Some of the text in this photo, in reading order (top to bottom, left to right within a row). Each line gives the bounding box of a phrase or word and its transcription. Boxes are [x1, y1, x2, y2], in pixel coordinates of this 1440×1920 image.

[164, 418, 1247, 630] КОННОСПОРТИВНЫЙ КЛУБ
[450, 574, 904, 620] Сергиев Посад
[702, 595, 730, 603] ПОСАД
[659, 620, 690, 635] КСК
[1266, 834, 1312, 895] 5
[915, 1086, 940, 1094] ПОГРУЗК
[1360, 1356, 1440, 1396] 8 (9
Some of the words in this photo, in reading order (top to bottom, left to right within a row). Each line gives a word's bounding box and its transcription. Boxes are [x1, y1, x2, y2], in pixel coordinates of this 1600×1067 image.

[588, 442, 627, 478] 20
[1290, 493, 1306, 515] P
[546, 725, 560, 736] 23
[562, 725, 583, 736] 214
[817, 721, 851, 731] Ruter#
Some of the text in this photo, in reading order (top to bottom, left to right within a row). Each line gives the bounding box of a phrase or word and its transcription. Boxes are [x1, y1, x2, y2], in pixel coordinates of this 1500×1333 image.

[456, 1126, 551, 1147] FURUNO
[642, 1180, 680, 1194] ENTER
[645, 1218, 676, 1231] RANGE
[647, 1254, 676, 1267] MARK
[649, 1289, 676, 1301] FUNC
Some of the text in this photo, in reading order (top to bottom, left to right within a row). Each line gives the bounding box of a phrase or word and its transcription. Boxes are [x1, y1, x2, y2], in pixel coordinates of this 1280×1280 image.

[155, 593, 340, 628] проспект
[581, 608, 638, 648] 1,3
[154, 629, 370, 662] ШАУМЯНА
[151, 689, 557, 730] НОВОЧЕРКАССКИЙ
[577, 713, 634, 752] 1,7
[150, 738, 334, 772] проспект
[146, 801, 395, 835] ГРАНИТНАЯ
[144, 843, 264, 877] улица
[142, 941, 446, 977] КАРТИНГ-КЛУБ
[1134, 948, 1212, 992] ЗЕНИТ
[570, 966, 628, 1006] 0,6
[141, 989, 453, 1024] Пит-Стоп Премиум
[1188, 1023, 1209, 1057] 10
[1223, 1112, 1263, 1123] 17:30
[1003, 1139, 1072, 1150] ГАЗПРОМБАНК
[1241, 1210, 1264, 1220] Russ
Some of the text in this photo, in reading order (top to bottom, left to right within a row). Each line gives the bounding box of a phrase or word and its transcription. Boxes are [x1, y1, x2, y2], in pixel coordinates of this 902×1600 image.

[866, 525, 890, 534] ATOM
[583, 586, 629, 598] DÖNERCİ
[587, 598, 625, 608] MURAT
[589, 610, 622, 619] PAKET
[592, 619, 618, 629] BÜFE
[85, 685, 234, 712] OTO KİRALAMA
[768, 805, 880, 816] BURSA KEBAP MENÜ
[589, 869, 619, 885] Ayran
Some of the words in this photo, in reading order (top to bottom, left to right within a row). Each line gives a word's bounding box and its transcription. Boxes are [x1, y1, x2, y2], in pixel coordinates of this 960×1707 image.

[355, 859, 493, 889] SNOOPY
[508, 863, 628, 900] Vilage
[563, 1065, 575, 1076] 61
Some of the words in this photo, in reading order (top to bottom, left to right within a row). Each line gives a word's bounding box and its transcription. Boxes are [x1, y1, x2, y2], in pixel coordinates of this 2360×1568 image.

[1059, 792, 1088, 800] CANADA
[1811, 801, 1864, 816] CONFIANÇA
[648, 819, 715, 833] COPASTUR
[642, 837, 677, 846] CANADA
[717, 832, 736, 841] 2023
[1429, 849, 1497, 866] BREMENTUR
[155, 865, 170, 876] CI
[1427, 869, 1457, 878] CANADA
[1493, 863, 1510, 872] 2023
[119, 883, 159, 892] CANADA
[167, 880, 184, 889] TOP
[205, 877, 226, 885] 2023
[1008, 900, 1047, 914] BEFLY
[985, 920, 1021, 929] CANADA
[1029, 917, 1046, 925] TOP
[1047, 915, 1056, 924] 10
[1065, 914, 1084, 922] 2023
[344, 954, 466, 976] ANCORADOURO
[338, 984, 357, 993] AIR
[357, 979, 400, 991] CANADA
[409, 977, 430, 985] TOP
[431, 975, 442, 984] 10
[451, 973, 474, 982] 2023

== == ==

• **What to do**
Nothing in the listing above may be altered; transcribe all of it.

• **Completed task**
Some of the text in this photo, in reading order (top to bottom, left to right within a row). Each line gives the bounding box of a phrase or word and its transcription. Boxes are [x1, y1, x2, y2], in pixel coordinates of this 1440×1920 image.

[164, 418, 1247, 630] КОННОСПОРТИВНЫЙ КЛУБ
[450, 574, 904, 620] Сергиев Посад
[702, 595, 730, 603] ПОСАД
[659, 620, 690, 635] КСК
[1266, 834, 1312, 895] 5
[915, 1086, 940, 1094] ПОГРУЗК
[1360, 1356, 1440, 1396] 8 (9
Some of the words in this photo, in reading order (top to bottom, left to right within a row). Each line gives a word's bounding box and its transcription. Boxes are [x1, y1, x2, y2], in pixel coordinates of this 1600×1067 image.

[588, 442, 627, 478] 20
[1290, 493, 1306, 515] P
[546, 725, 560, 736] 23
[562, 725, 583, 736] 214
[817, 721, 851, 731] Ruter#
Some of the text in this photo, in reading order (top to bottom, left to right within a row). Each line gives the bounding box of a phrase or word and its transcription. Boxes are [x1, y1, x2, y2], in pixel coordinates of this 1500×1333 image.

[456, 1126, 551, 1147] FURUNO
[642, 1180, 680, 1194] ENTER
[645, 1218, 676, 1231] RANGE
[647, 1254, 676, 1267] MARK
[649, 1289, 676, 1301] FUNC
Some of the text in this photo, in reading order (top to bottom, left to right within a row). Each line gives the bounding box of a phrase or word and its transcription. Boxes are [x1, y1, x2, y2], in pixel coordinates of this 1280×1280 image.

[155, 593, 340, 628] проспект
[581, 608, 638, 648] 1,3
[154, 629, 370, 662] ШАУМЯНА
[151, 689, 557, 730] НОВОЧЕРКАССКИЙ
[577, 713, 634, 752] 1,7
[150, 738, 334, 772] проспект
[146, 801, 395, 835] ГРАНИТНАЯ
[144, 843, 264, 877] улица
[142, 941, 446, 977] КАРТИНГ-КЛУБ
[1134, 948, 1212, 992] ЗЕНИТ
[570, 966, 628, 1006] 0,6
[141, 989, 453, 1024] Пит-Стоп Премиум
[1188, 1023, 1209, 1057] 10
[1223, 1112, 1263, 1123] 17:30
[1003, 1139, 1072, 1150] ГАЗПРОМБАНК
[1241, 1210, 1264, 1220] Russ
Some of the text in this photo, in reading order (top to bottom, left to right within a row). Each line gives the bounding box of a phrase or word and its transcription. Boxes are [x1, y1, x2, y2], in pixel coordinates of this 902×1600 image.

[866, 525, 890, 534] ATOM
[583, 586, 629, 598] DÖNERCİ
[587, 598, 625, 608] MURAT
[589, 610, 622, 619] PAKET
[592, 619, 618, 629] BÜFE
[85, 685, 234, 712] OTO KİRALAMA
[768, 805, 880, 816] BURSA KEBAP MENÜ
[589, 869, 619, 885] Ayran
Some of the words in this photo, in reading order (top to bottom, left to right within a row). Each line gives a word's bounding box and its transcription. Boxes are [x1, y1, x2, y2], in pixel coordinates of this 960×1707 image.

[355, 859, 493, 889] SNOOPY
[508, 863, 628, 900] Vilage
[563, 1065, 575, 1076] 61
Some of the words in this photo, in reading order (top to bottom, left to right within a row). Each line gives a word's bounding box and its transcription. Boxes are [x1, y1, x2, y2], in pixel coordinates of this 2360×1568 image.

[1059, 792, 1088, 800] CANADA
[1811, 801, 1864, 816] CONFIANÇA
[648, 819, 715, 833] COPASTUR
[642, 837, 677, 846] CANADA
[717, 832, 736, 841] 2023
[1429, 849, 1497, 866] BREMENTUR
[155, 865, 170, 876] CI
[1427, 869, 1457, 878] CANADA
[1493, 863, 1510, 872] 2023
[119, 883, 159, 892] CANADA
[167, 880, 184, 889] TOP
[205, 877, 226, 885] 2023
[1008, 900, 1047, 914] BEFLY
[985, 920, 1021, 929] CANADA
[1029, 917, 1046, 925] TOP
[1047, 915, 1056, 924] 10
[1065, 914, 1084, 922] 2023
[344, 954, 466, 976] ANCORADOURO
[338, 984, 357, 993] AIR
[357, 979, 400, 991] CANADA
[409, 977, 430, 985] TOP
[431, 975, 442, 984] 10
[451, 973, 474, 982] 2023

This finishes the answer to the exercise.